I’ve never been much of a partier, but partly not by choice. I don’t drink and I don’t smoke, so naturally my friends thought I wouldn’t be interested in going out or going to parties. And part of me wasn’t. I don’t really see the point of sitting around and drinking or smoking. It doesn’t seem very productive to me, or maybe that’s just what I convinced myself to think. I’ve never really felt included. I went to my first ever “party” at the end of junior year, but before that I spent many nights sitting on the couch wondering what I did wrong to not get invited. I’ve felt like people didn’t want me there, like I was a bother, and that left me with a lot of emotions. I had to find a way to express them.
That’s when I really took the gym seriously. I felt more welcomed at the gym than I did at parties or “functions,” and I’m starting to be okay with that.
I was a scrawny little five foot five eighth-grader who weighed 125 pounds the summer going into freshman year, and I hated the gym. I decided to play football my freshman year, which meant in the summer we had workouts to get us ready for the season. About 2 hours of these workouts, every day, were spent as a team in the weight room. I had never stepped foot in a gym before that summer, and to say I was intimidated was a grand understatement. I’ve always been scared of the unknown, and when I put myself in these new, uncomfortable situations it can be really scary.
Seeing all the seniors stacking 45 pound plates on their bars, you can feel this sense of expectation in the air. At that point in my life, I don’t think I’d been introduced to that level of intensity that the gym can bring. You have the opportunity to be put in these do or die situations, not literally do or die, but these situations where you’re being tested with a great amount of pressure. Or at least that’s what it felt like in that weight room. Pressure. And maybe that’s why I was repelled by the gym back then.
Who knows who I would be now if I didn’t stick out those hot afternoons, with the seniors yelling at me, barely being able to lift the 45 pound bar off the rack, and coming home from practice so sore that sitting down at the dinner table to eat left me in wincing amounts of pain in my legs.
People really struggle with the consistency aspect of the gym.

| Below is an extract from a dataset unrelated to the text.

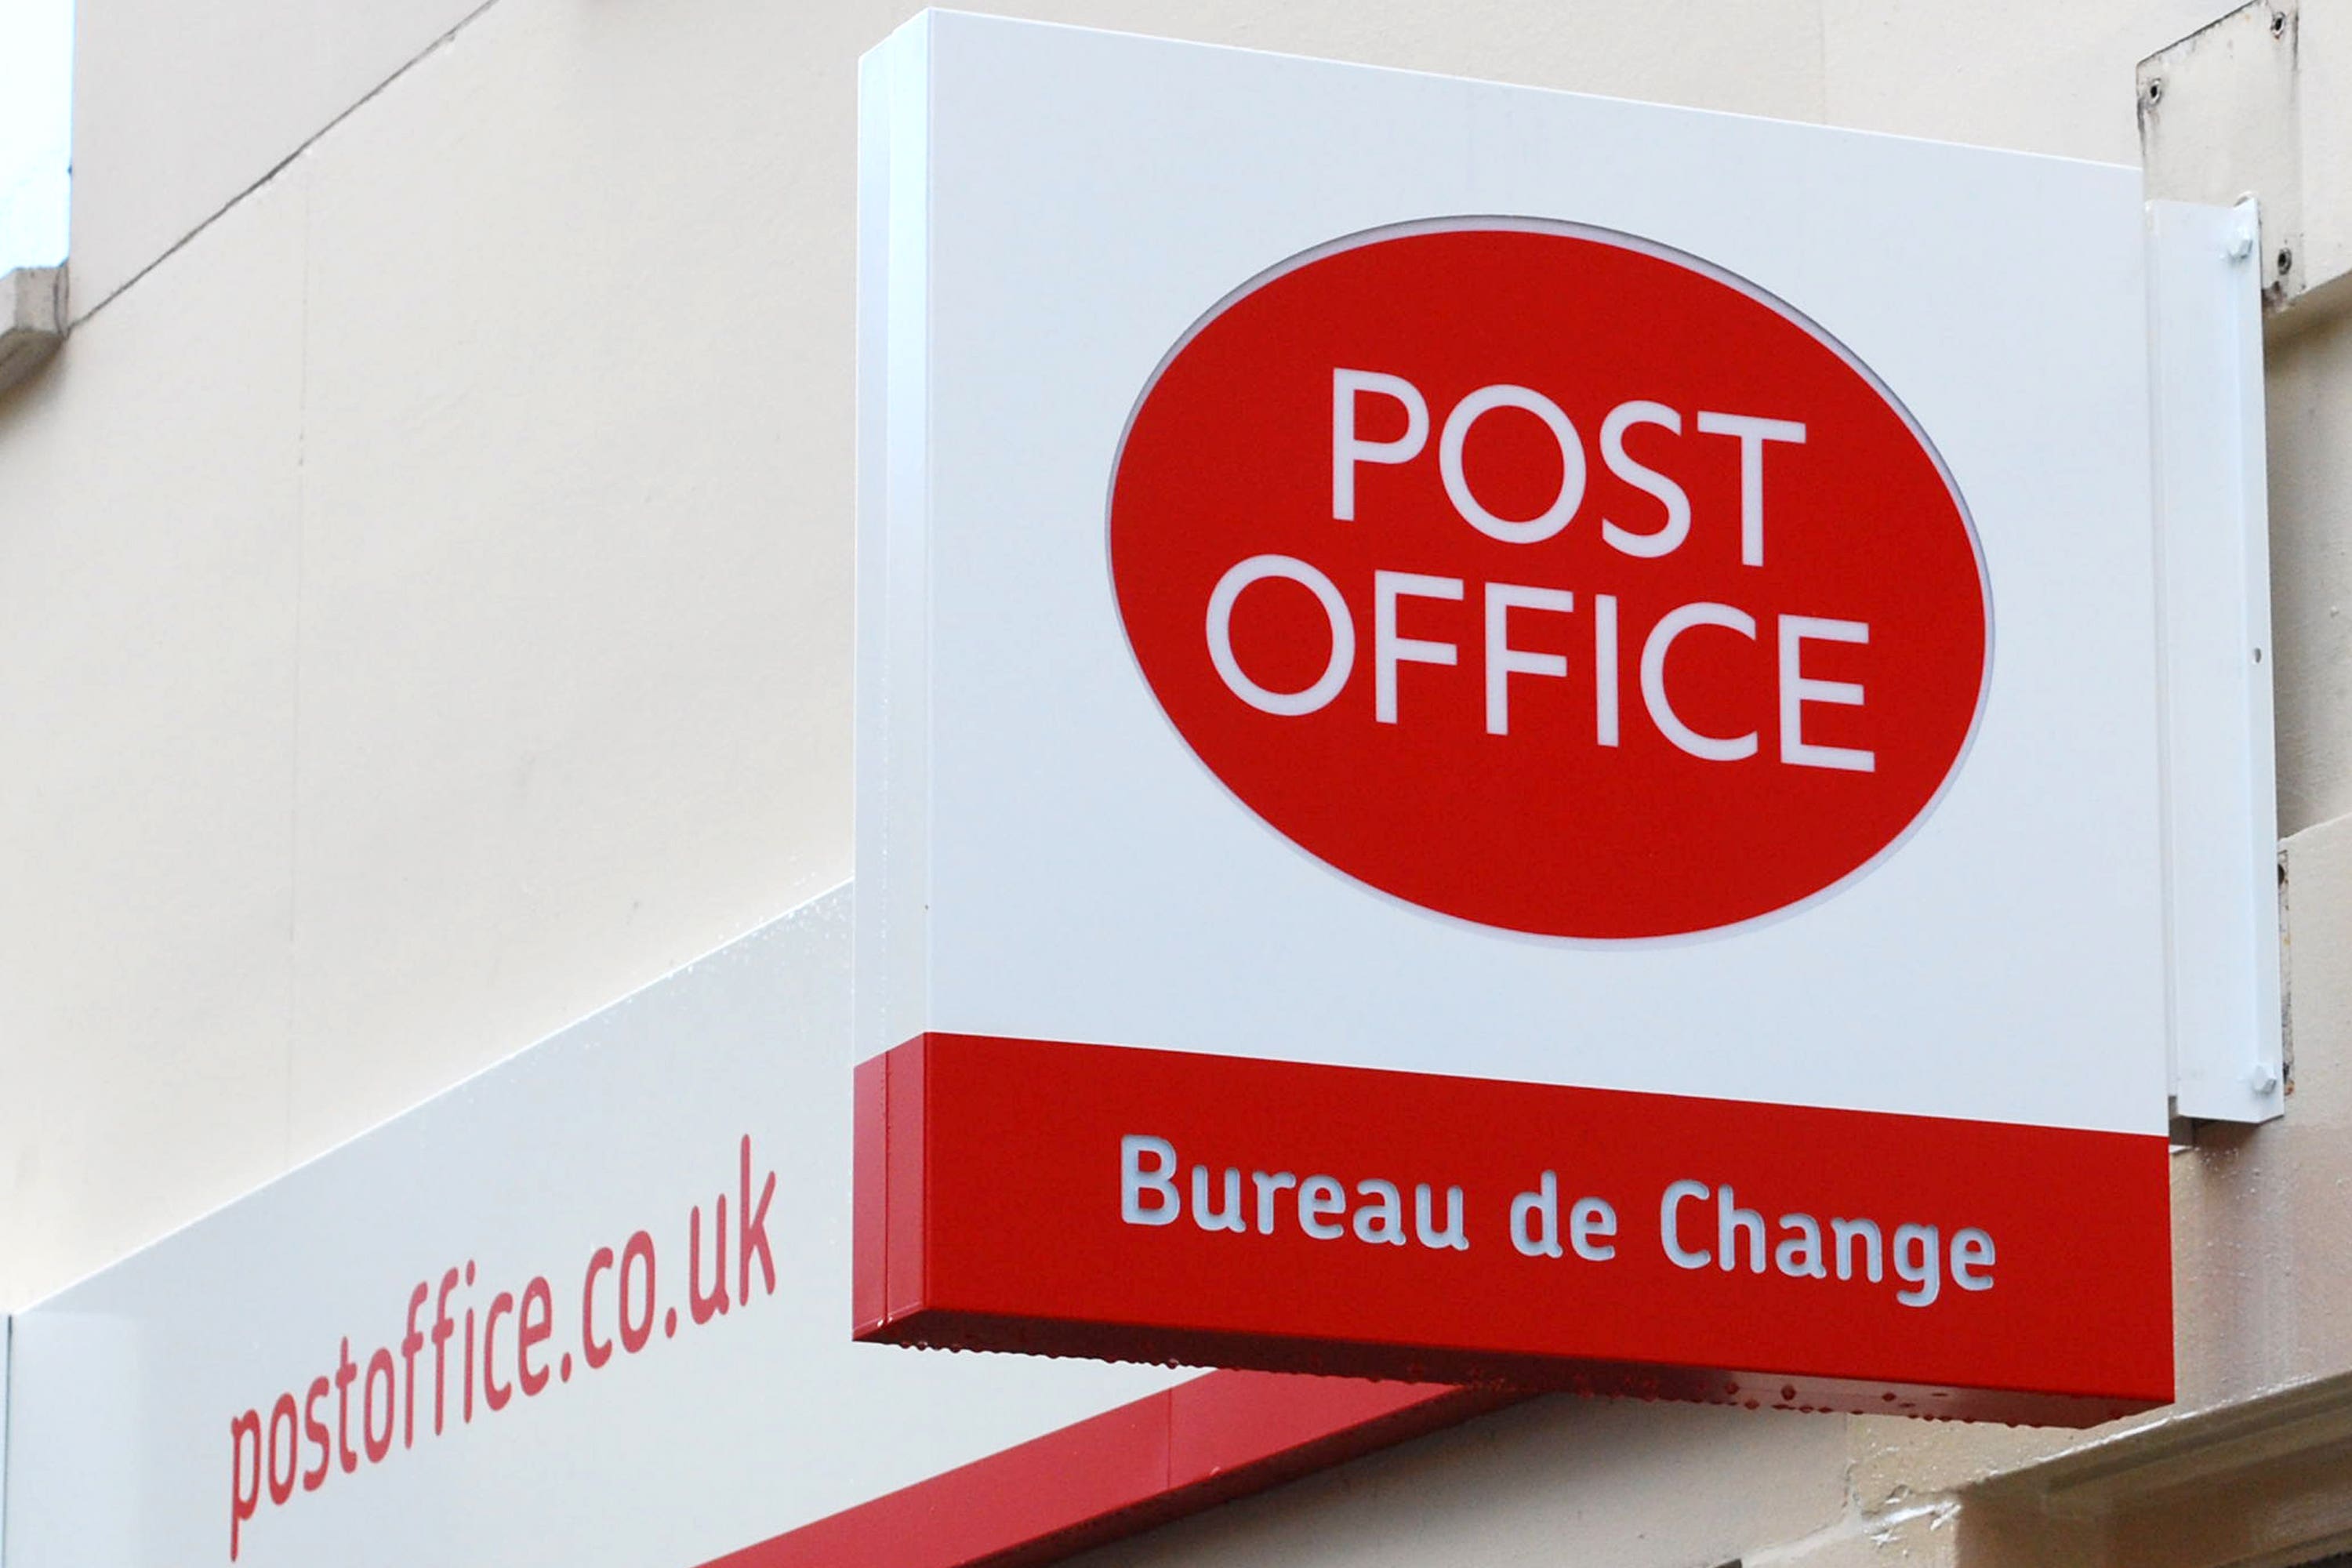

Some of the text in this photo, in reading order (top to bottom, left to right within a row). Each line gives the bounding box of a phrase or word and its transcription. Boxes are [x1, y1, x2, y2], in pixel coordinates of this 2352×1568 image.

For some people, it feels like a chore, and they have to drag themselves there.
For me, the gym is more than just a place to move heavy objects, it’s an outlet. It’s structured and it’s stable. Having a planned out routine for the week on what exercise is definitely part of that, but when you have to move your belongings from one house to another each week, you start to lose the sense of being grounded. Everything else around you feels like it’s moving, but you just feel stuck and lost. At the gym, I feel grounded. I show up everyday in sweatpants, a tank-top, my Birkenstocks, socks of course, my camo baseball cap, and my Skull candy crusher evo headphones. It’s become a habit. Sometimes I bring my lifting straps too.
It’s stable, and I feel like I belong.
That wasn’t always the case though. The first real “gym” that I was a member of was Body Kinetics. I had no clue what I was doing and I was afraid that people would judge me. I joined when I was probably 15 or 16, and at that point, I was very new to lifting. I distinctly remember being afraid to go to the gym. I would get butterflies in my stomach walking through those automatic doors to awkwardly greet the receptionist and scan my fob. I was intimidated.
But, with anything new, it takes time to become more comfortable, and confident. I developed a program. I would go home and watch Youtube videos of fitness influencers walking you through their workouts and documenting their lifts. I wanted to be like them. They seemed so confident and happy with themselves. Confidence was also a reason I started really focusing on weight-lifting in the first place.
I felt like, maybe if I had more confidence, I’d feel like I belong.
To me, there are two sides to confidence; there is self-confidence, feeling comfortable in your own skin and who you are, and there is the confidence you get from those around you. I’ve gained so much self-confidence from my time spent in the gym. Yeah, it’s nice to have your friends and even people you don’t know compliment you on your looks, but you can’t control that.
No one wanders into the gym by accident. It’s a choice. A choice to show up, and to put yourself through something hard and uncomfortable, for results you won’t see for a month or two. It teaches you delayed gratification, and consistency. People say that muscle growth doesn’t truly occur until you reach failure and keep going. When you’ve done all the reps your mind is telling your body it can do, and you push past that. The gym allows you the opportunity to hold yourself accountable. No one in there knows how many reps or sets you are doing. You could tell yourself you’re gonna do 10 reps and give up on the 8th, no one would know.
But in the gym, you get out exactly what you put in. If you push yourself past failure, and endure the pain of that, you reap more progress.
I’ve learned that no matter how big or strong you get, you can’t change the way people perceive you. It’s out of your control. So just be yourself, and if people don’t like you, then find new people. Speaking of people, the gym isn’t meant for one type of person. Their moms, and dads, people that just got off work, people trying to lose weight, people trying to gain weight, ego lifters, powerlifters, teenagers, elders, all sorts of people. But they are all there for the same reason. To get better.
But, those few years I spent there, the late nights at 8:00 or 9:00pm being the last one in there, was when I found the most growth. It was a place to channel my emotions, to let them loose, and it still is.